**Task brief**
Only the text should be kept: print every entry below exactly and leave each image out.

[Collected data]
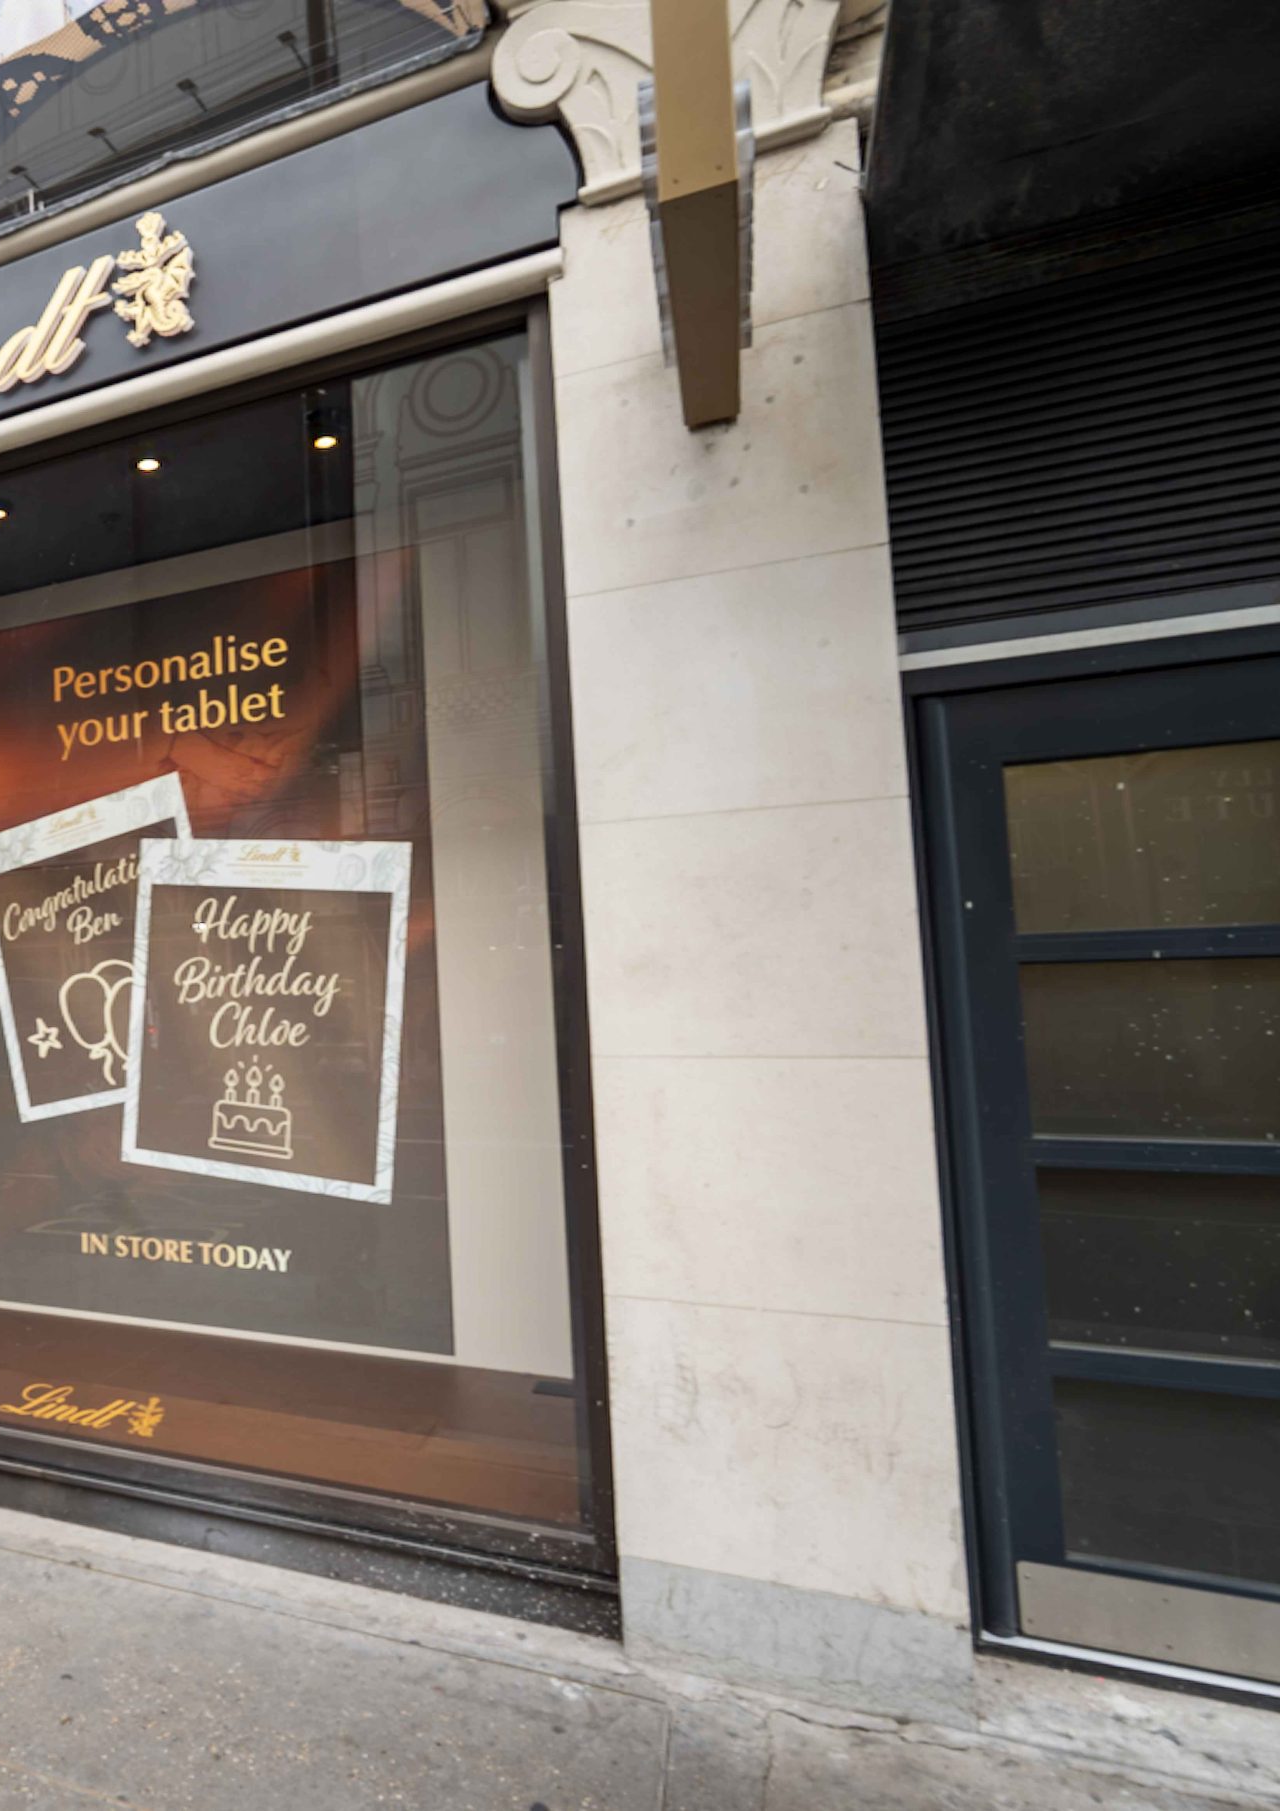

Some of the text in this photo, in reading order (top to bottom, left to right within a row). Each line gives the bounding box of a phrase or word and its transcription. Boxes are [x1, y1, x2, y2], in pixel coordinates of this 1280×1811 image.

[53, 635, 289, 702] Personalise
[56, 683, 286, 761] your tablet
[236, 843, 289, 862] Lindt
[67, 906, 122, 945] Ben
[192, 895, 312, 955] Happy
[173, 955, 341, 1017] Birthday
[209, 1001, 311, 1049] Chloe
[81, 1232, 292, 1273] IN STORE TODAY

**Exercise answer**
Some of the text in this photo, in reading order (top to bottom, left to right within a row). Each line gives the bounding box of a phrase or word and its transcription. Boxes are [x1, y1, x2, y2], in pixel coordinates of this 1280×1811 image.

[53, 635, 289, 702] Personalise
[56, 683, 286, 761] your tablet
[236, 843, 289, 862] Lindt
[67, 906, 122, 945] Ben
[192, 895, 312, 955] Happy
[173, 955, 341, 1017] Birthday
[209, 1001, 311, 1049] Chloe
[81, 1232, 292, 1273] IN STORE TODAY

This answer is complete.